Barbara Pym Reading Week, hosted by Thomas and Amanda

Barbara Pym is noted, among many other things, for the pleasure with which she describes food in her books, a characteristic which, for her centenary, was celebrated with a virtual tea party on FaceBook. On her birthday, 2 June, enthusiasts all over the world chose appropriately delicious cakes and posted pictures of tea parties in her honour. The best I could do was this, from the first-class waiting room at King's Cross:

The previous day I'd attended the 40th AGM on the Alliance of Literary Societies, hosted at Barbara Pym's old college in Oxford in the Barbara Pym Society. St Hilda's was the prefect place for such an event, basking in unexpected sunshine which allowed us to have drinks by the river in the evening. We were treated to a dramatisation of two scenes from Excellent Women which drew delightedly knowing giggles from the audience; later, after dinner, representatives from the various societies there read from "their own" authors, with contributions varying from Blake (very brief and apposite!) to Siegfried Sassoon. Since I was there because my membership of the Angela Thirkell Society, I particularly enjoyed the reading by our President, Penny Aldred, on "educated women" -- many Thirkell characters having decidedly trenchant views on the subject.

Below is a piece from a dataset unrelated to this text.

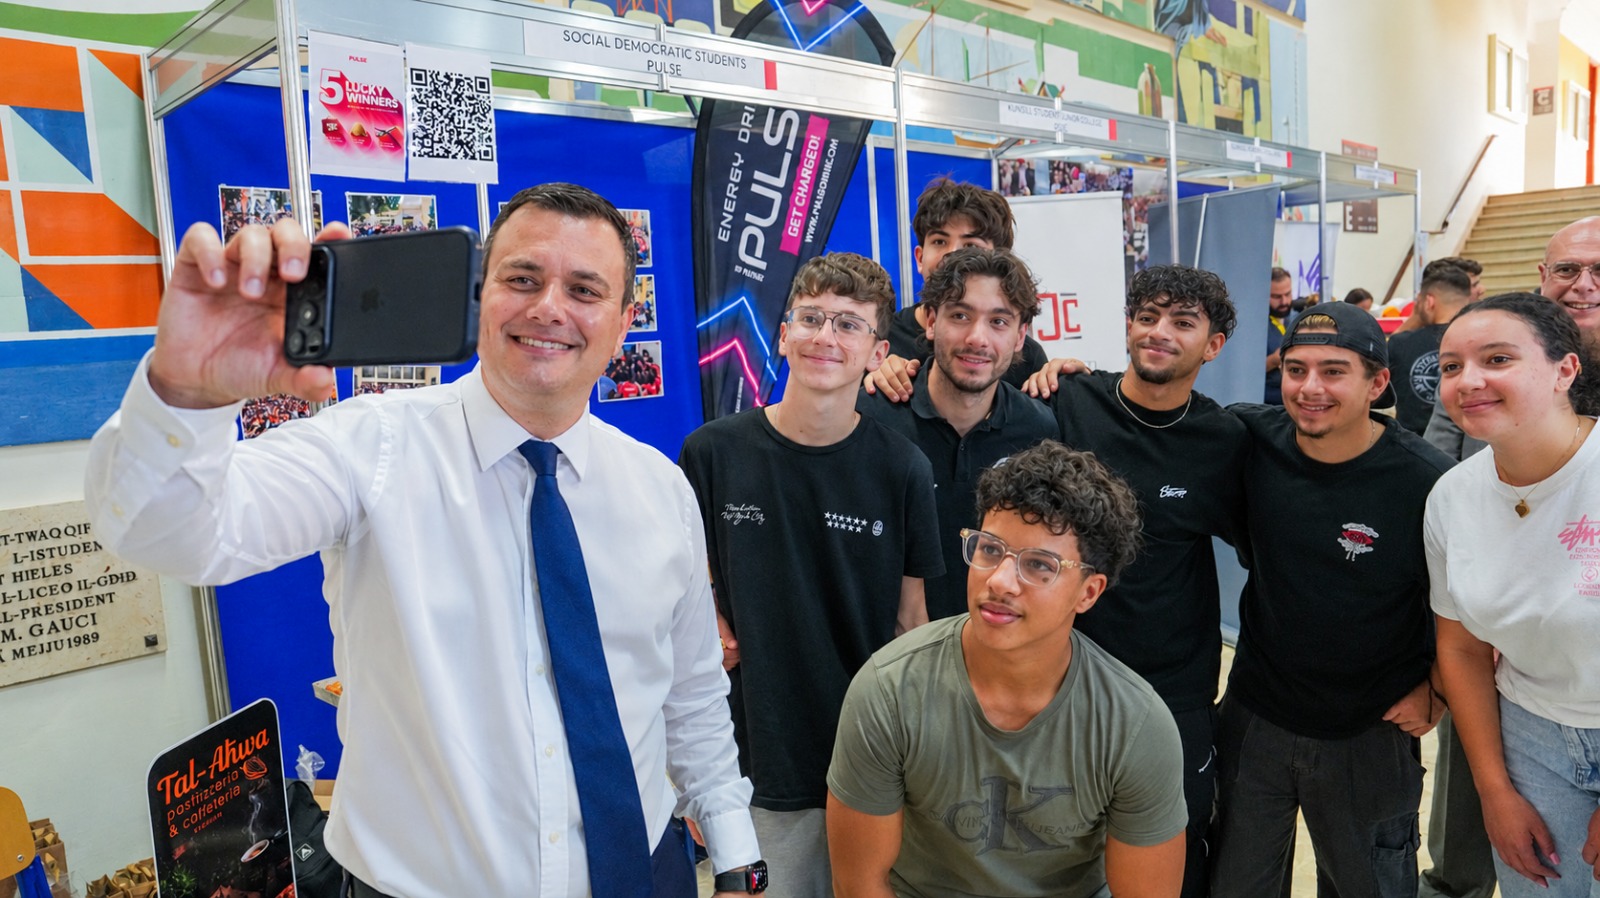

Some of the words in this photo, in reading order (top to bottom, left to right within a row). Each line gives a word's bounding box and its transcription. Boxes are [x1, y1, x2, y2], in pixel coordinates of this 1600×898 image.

I was very laden as I waited for my train next day, having as usual acquired various books, including these additions to my complete set of Pym novels:


I'd seen Barbara in the Bodleian on the BPS website, and had been hoping it would be there! No Soft Incense is proving fascinating as, throwing an invaluable light on Anglo-Catholicism as it appears in her books.

I was glad that before I went to Oxford I'd read Hazel Holt's biography, A Lot to Ask. I'd read A Very Private Eye when it was first published and, although a lot was familiar from that, it was good to have an outline of her life fresh in my mind when listening to the two excellent talks during the day, BPS chair Clemence Schultze on Barbara Pym: An 'Unashamed Reader', and James Booth on Philip Larkin and Barbara Pym: An Elective Affinity. Clemence Schultze drew attention to the density of literary quotation in Pym's early novels and their importance to her characters, contrasting it particularly with Quartet in Autumn, which is set in a library but no-one really reads. I can't really comment further on this since I am saving Quartet in Autumn to read this weekend, but I'm aware that this talk is already influencing how I read Pym.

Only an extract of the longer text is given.